Le clip de la manifestation organisée quelques jours avant leur expulsion dit également toute la solidarité qui s'était manifestée autour de cette famille digne et attachante.
Fin aout 2008, la Préfète de la Mayenne décidait d'expulser la famille KOCAMER vers la Turquie, au mépris de l'immense mobilisation de RESF 53 et malgré l'indignation de centaines de Mayennais.
Ainsi Elif, malade cardiaque, et ses deux jeunes fils Ahmet et Eren, âgés de 6 et 11 ans, ont été renvoyés sans ménagement dans leur pays, après avoir été enfermés 15 jours en Centre de Rétention près de Rouen.
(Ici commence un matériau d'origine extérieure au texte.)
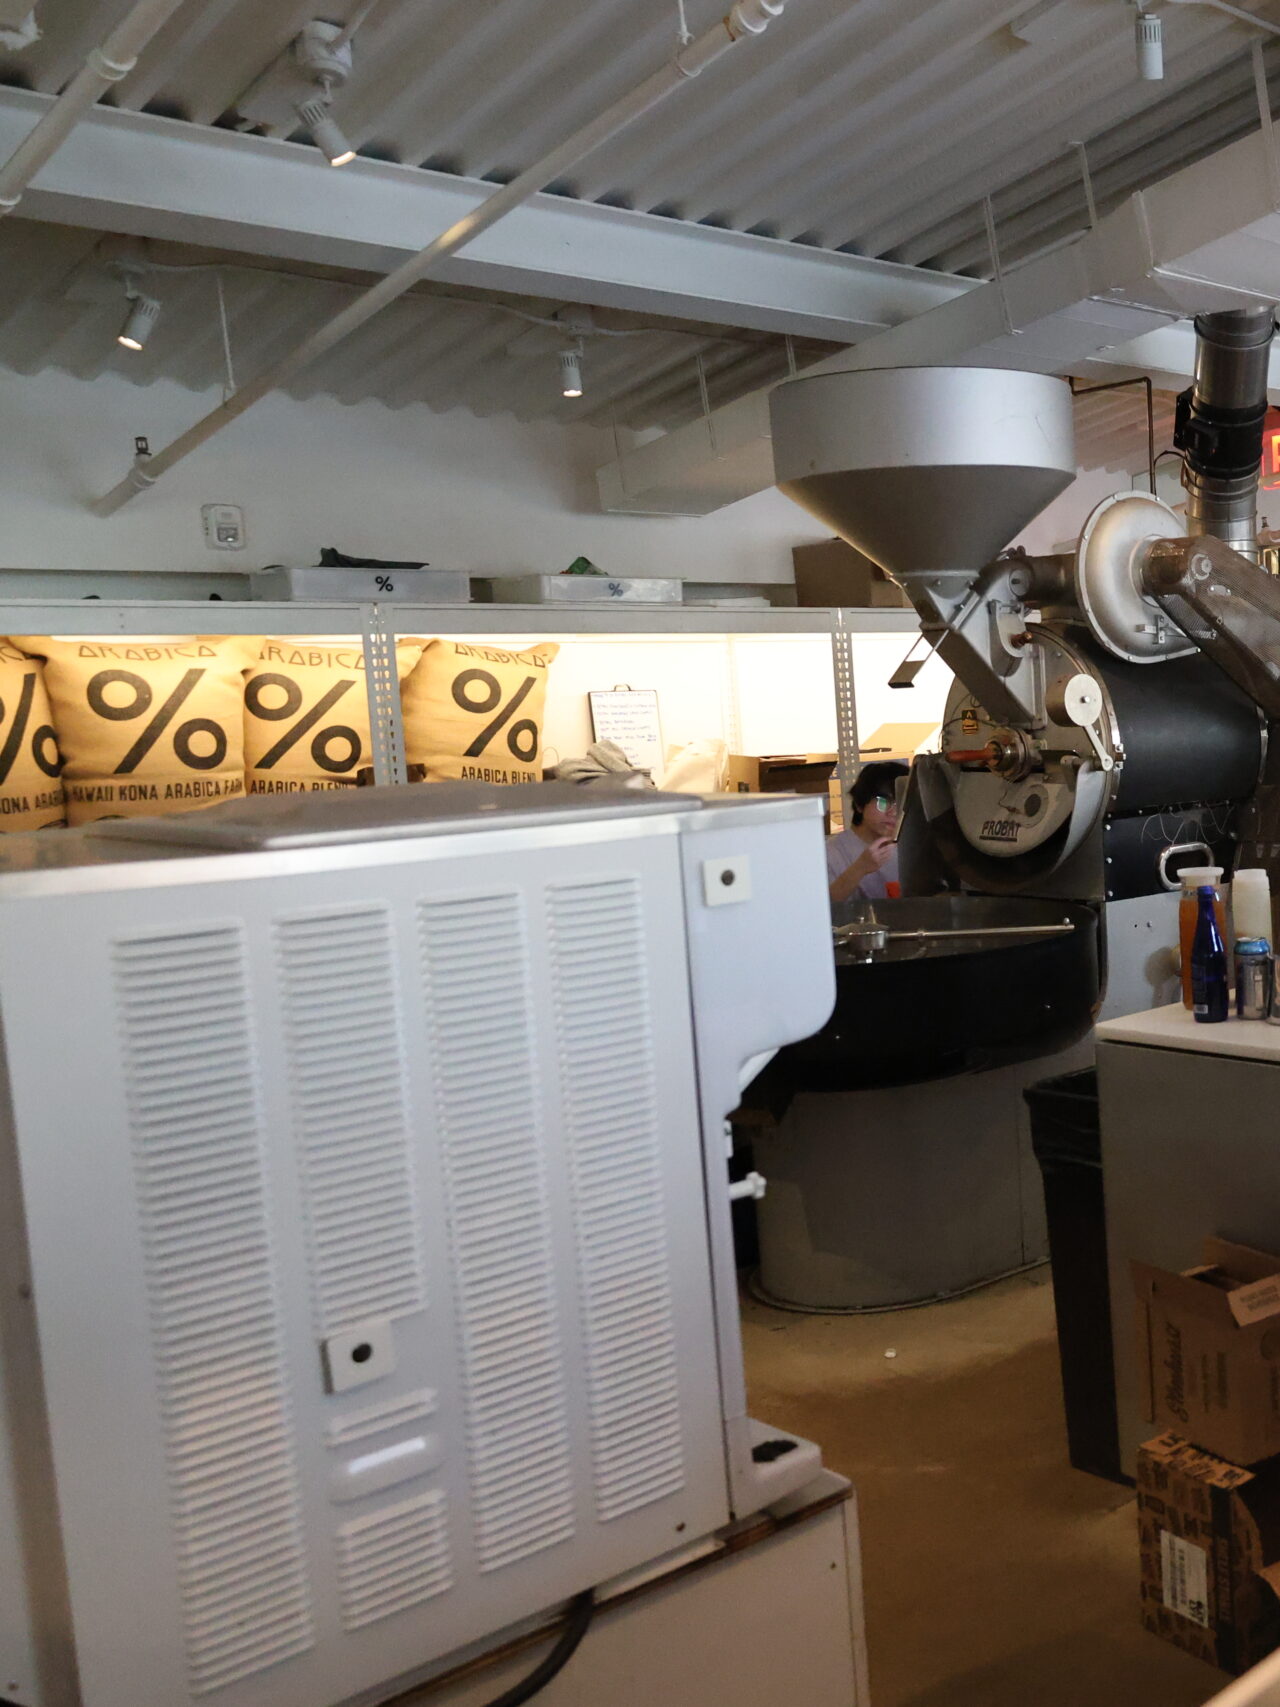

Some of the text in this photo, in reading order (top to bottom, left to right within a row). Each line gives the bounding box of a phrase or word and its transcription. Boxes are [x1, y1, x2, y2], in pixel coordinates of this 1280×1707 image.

[78, 645, 217, 661] ARABICA
[461, 765, 508, 784] ARABICA
[119, 783, 158, 801] KONA
[164, 781, 221, 800] ARABICA
[250, 779, 305, 795] ARABICA
[0, 797, 31, 814] ONA
[981, 820, 1021, 837] PROBAT
La Préfète, qui avait le pouvoir de régulariser cette famille, a alors déclaré « qu'elle ne serait pas prise en défaut d'humanité ».
Six mois après, où en sommes nous ?
- Elif a péniblement réussi à trouver un logement pour toute la famille (parents et 4 enfants), mais l'argent manque et la famille est sous le coup d'une menace d'expulsion, or l'hiver est très froid là -bas.
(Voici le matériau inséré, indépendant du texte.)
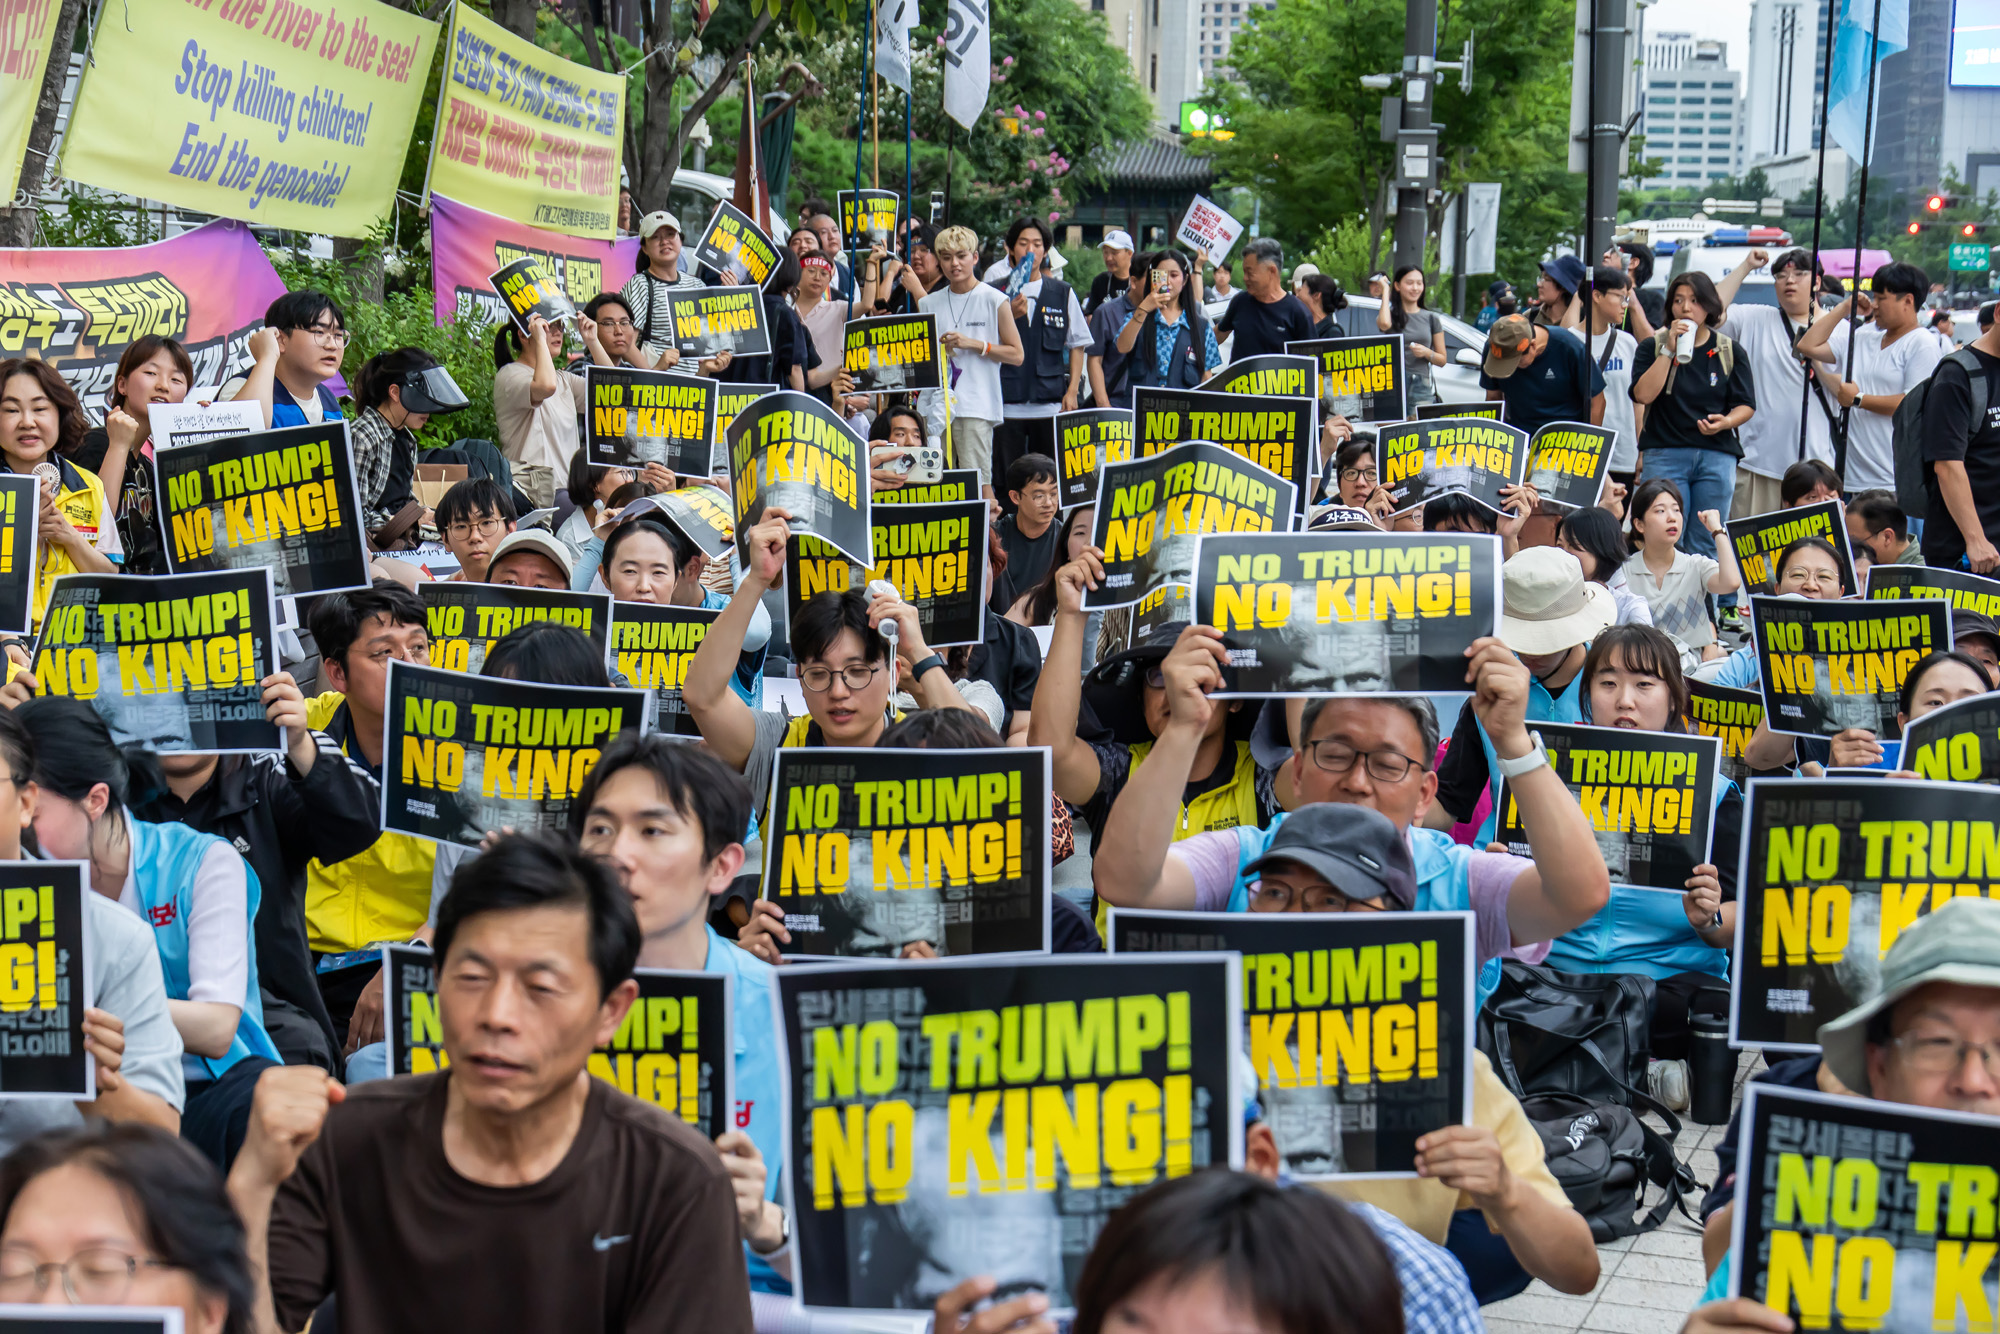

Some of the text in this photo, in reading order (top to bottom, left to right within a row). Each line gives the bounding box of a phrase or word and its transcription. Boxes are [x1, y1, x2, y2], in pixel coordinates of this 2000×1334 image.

[262, 0, 323, 51] river
[319, 7, 345, 59] to
[344, 16, 380, 71] the
[377, 34, 420, 84] sea!
[175, 39, 373, 147] Stop killing children!
[453, 27, 496, 95] 헌법과
[497, 51, 522, 107] 국가
[520, 64, 546, 116] 위에
[585, 89, 597, 131] 두
[169, 122, 351, 209] End the genocide!
[440, 97, 487, 166] 재벌
[485, 114, 535, 180] 해체!!
[534, 132, 581, 191] 국정원
[845, 200, 863, 214] NO
[846, 213, 868, 233] NO
[709, 227, 768, 284] NO KING!
[719, 214, 776, 268] NO TRUMP!
[502, 269, 529, 295] NO
[510, 281, 544, 314] NO
[674, 293, 753, 316] NO TRUMP!
[66, 277, 187, 347] 특검하라!
[677, 308, 757, 338] NO KING!
[848, 321, 928, 348] NO TRUMP!
[846, 338, 930, 371] NO KING!
[1323, 344, 1392, 371] TRUMP!
[596, 385, 706, 409] NO TRUMP!
[1225, 369, 1305, 394] TRUMP!
[1332, 364, 1393, 396] KING!
[595, 408, 627, 437] NO
[637, 408, 704, 440] KING!
[734, 429, 751, 476] NO
[758, 410, 856, 469] TRUMP!
[1064, 421, 1132, 449] NO TRU
[1146, 412, 1295, 440] NO TRUMP!
[1388, 427, 1514, 457] NO TRUMP!
[1536, 432, 1604, 454] TRUMP!
[168, 440, 333, 511] NO TRUMP!
[736, 458, 757, 522] NO
[766, 442, 857, 509] KING!
[1065, 444, 1096, 479] NO
[1387, 451, 1424, 483] NO
[1436, 444, 1512, 478] KING!
[1532, 448, 1599, 478] KING!
[1111, 462, 1276, 518] NO TRUMP!
[172, 479, 341, 562] NO KING!
[872, 517, 969, 557] RUMP!
[1104, 494, 1272, 563] NO KING!
[1736, 512, 1832, 557] NO TRUMP!
[800, 550, 968, 601] NO KING!
[1218, 547, 1469, 582] NO TRUMP!
[1742, 555, 1767, 585] NO
[44, 589, 251, 646] NO TRUMP!
[427, 606, 464, 640] NO
[1213, 573, 1471, 632] NO KING!
[1906, 586, 2000, 623] TRUMP
[1766, 615, 1931, 651] NO TRUMP!
[35, 632, 255, 700] NO KING!
[618, 652, 696, 689] KING
[1770, 654, 1815, 694] NO
[405, 697, 622, 745] NO TRUMP!
[1691, 695, 1765, 725] TRUM
[1699, 723, 1752, 757] KIN
[1914, 732, 1981, 781] NO
[403, 736, 601, 800] NO KING
[1570, 750, 1697, 788] TRUMP!
[786, 771, 1021, 830] NO TRUMP!
[1580, 786, 1694, 834] KING!
[780, 819, 1021, 896] NO KING!
[1766, 821, 2000, 883] NO TRUM
[1762, 885, 1852, 966] NO
[1243, 941, 1437, 1009] TRUMP!
[411, 992, 698, 1054] N MP!
[1250, 1001, 1438, 1089] KING!
[814, 992, 1191, 1104] NO TRUMP!
[587, 1054, 698, 1123] NG!
[812, 1076, 1191, 1209] NO KING!
[1772, 1154, 1879, 1232] NO
[1765, 1231, 1895, 1329] NO
- Elif a épuisé toutes ses réserves de médicaments pour le cœur et elle n'a pas vu de médecin depuis son retour, faute d'argent et du fait de l'éloignement.
- Les courriers envoyés par les parents d'élèves et les amis ne sont pas parvenus.
- Eren n'est pas scolarisé car l'école n'est pas prévue pour les petits. Elif reste donc pour le-garder.
- Le père et le fils ainé ne trouvent pas de travail.
- Ahmet qui aurait dû rentrer en 6ème EN FRANCE, a commencé une courte scolarité en Turquie. A présent cet enfant de 12 ans à peine travaille dans une usine de chaussures proche du domicile familial. Il travaille de 8h matin à 8h du soir, du lundi au samedi, pour un salaire de 20 euros par semaine, "juste de quoi acheter le pain" nous a dit Elif jointe au téléphone.
Elif est désespérée. Elle pense qu’il n'y a aucun avenir en Turquie, ni pour elle, ni pour ses enfants. Elle souhaite partir pour s'installer à Chypre où ils ont de la famille, mais y parviendront-ils ?
Tout cela montre que RESF 53 et les nombreux citoyens qui soutenaient le réseau avaient raison d'être inquiets en cas de retour de la famille en Turquie. La Préfète a préféré faire un exemple à la veille de la venue de Sarkozy à Laval, plutôt que d'admettre que cette famille avait toute sa place en France où elle pouvait construire des projets.
Rappelons que le père avait une promesse d’embauche en CDI dans le bâtiment, qu’Elif a des talents de couturière et que les enfants étaient scolarisés et souhaitaient continuer à étudier.